Когда мир остается известным и знакомым, то есть когда наши убеждения сохраняют значимость, мы с легкостью управляем эмоциями. Когда же появляется нечто неизведанное, эмоции выходят из-под контроля, в зависимости от относительной новизны случившегося преобразования, и мы вынуждены отступить или вновь начать исследовать.
Валентность вещей
…А кто приглядится к основным инстинктам человека… тот увидит, что все они уже занимались некогда философией и что каждый из них очень хотел бы представлять собою последнюю цель существования и изображать управомоченного господина всех остальных инстинктов. Ибо каждый инстинкт властолюбив; и, как таковой, он пытается философствовать[50].
Правда в том, что человек был создан для служения богам, которых прежде всего нужно кормить и одевать[51].
Можно составить списки общих благ и бедствий, и многим они покажутся разумными, потому что наши суждения о значении и смысле довольно типичны и предсказуемы. Пища, к примеру, хороша, если она вкусная, а удар по голове тем хуже, чем он сильнее. Список хорошего и плохого можно спокойно расширить. Вода, кров, тепло и интимная близость – это хорошо; болезни, засуха, голод и войны – это плохо. Видя существенное сходство суждений о смысле, можно легко прийти к заключению, что добро или зло вещей или ситуаций является чем-то более или менее постоянным. Однако мы знаем, что существует субъективное толкование. И его влияние на оценку и поведение значительно усложняет картину. Мы будем работать, тратить силы и преодолевать препятствия, чтобы получить нечто хорошее (или избежать беды). Но мы не будем в поте лица добывать пищу, если у нас ее достаточно; мы не будем прилагать усилия, чтобы добиться интимной близости, если секса нам и так хватает, и мы с радостью воздержимся от обильной пищи, зная, что в это же время наш враг умирает от голода. Предсказания, ожидания и желания людей непостижимо мощно влияют на их оценки. Вещи не имеют абсолютно определенного значения, несмотря на то что мы способны обобщать их ценность. Поэтому именно личные предпочтения определяют значимость бытия (но эти предпочтения весьма ограничены!)

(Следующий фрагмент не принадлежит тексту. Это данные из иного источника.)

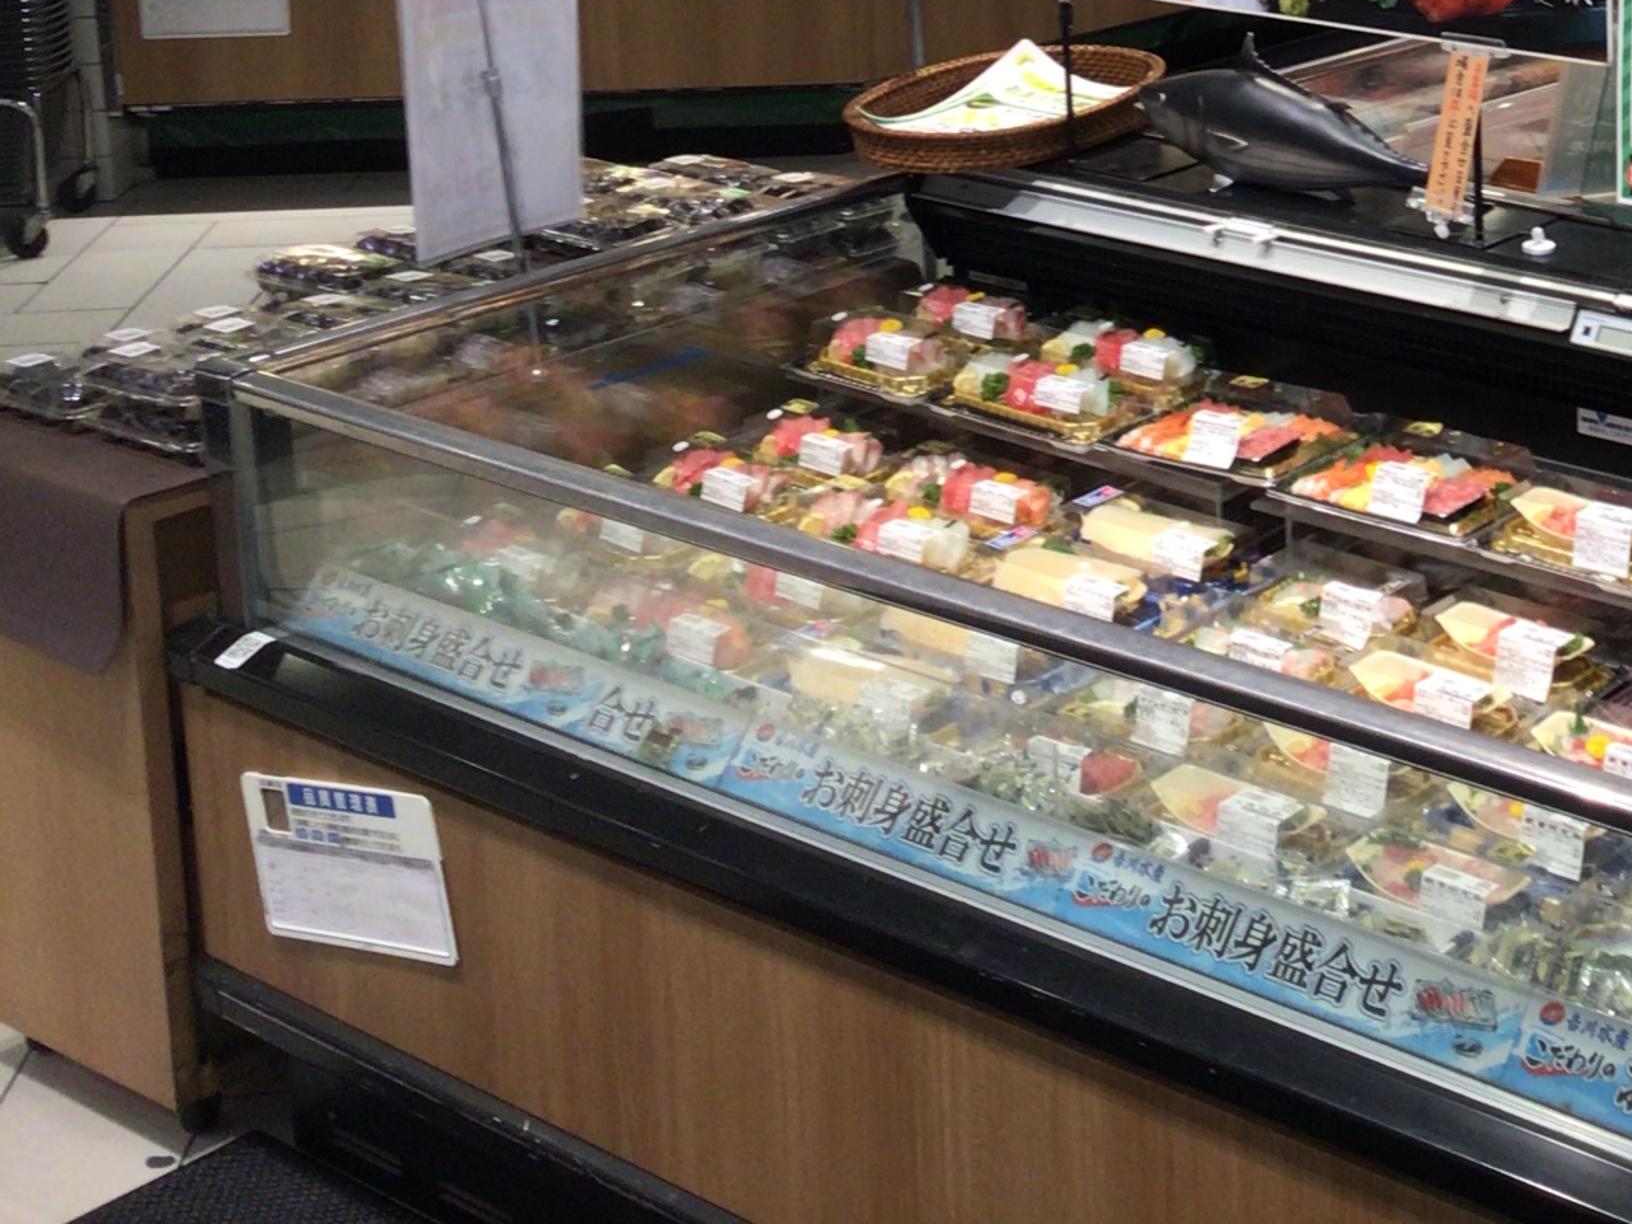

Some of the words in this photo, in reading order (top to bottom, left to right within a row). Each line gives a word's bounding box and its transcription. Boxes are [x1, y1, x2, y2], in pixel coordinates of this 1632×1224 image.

Смысл, который мы приписываем объектам или ситуациям, неустойчив. У разных людей разные приоритеты; потребности и желания ребенка и взрослого сильно отличаются. Значение вещей и событий в глубокой и практически непостижимой степени зависит от того, как они соотносятся с нашими нынешними устремлениями. Смысл меняется, когда меняются цели. Такие перемены неизбежно преображают ожидания и желания, которые эти цели сопровождают. Мы познаем «вещи» лично и индивидуально, несмотря на то что многие люди сходятся в вопросах их ценности. Цели, к которым мы стремимся в одиночку, результаты, которых лично мы ожидаем и желаем, определяют смысл нашего опыта.
Пионер экзистенциального психоанализа Виктор Франкл рассказал историю своего заключения в концентрационном лагере, которая поразительно подтверждает эту мысль:
Вот, к примеру, как-то раз нас перевозили из Освенцима в какой-то лагерь, подконтрольный Дахау. Мы приближались к мосту через Дунай. Опытные попутчики говорили: если мы переедем его, нас точно везут в Маутхаузен. Напряжение росло. Если вы не пережили ничего подобного, то едва ли сможете представить, как плясали от радости заключенные в вагоне, когда увидели, что поезд не въехал на мост и везет нас «только» в Дахау.
Опять-таки, что произошло, когда мы прибыли в этот лагерь? Наш путь продолжался три дня и три ночи, в вагоне не хватало места даже на то, чтобы всем одновременно присесть на корточки. Большинство заключенных всю дорогу провели стоя, кое-кто по очереди присаживался на жидкую охапку соломы, насквозь пропитанную мочой. По приезде «старожилы» поспешили сообщить нам важную новость: в этом сравнительно небольшом лагере (в нем содержалось порядка 2500 человек) не было ни печи, ни крематория, ни газа! Это означало, что «мусульман» [заключенных, больше не пригодных для работы], не могли сразу отправить в газовую камеру. Нужно было организовать так называемый «больничный конвой», чтобы отослать их обратно в Освенцим. Все снова воспряли духом. Желание старшего надзирателя нашего барака в Освенциме исполнилось: нас как можно скорее перебросили в лагерь, где не было «трубы». Мы смеялись и шутили, несмотря на то что нам пришлось пережить в следующие несколько часов.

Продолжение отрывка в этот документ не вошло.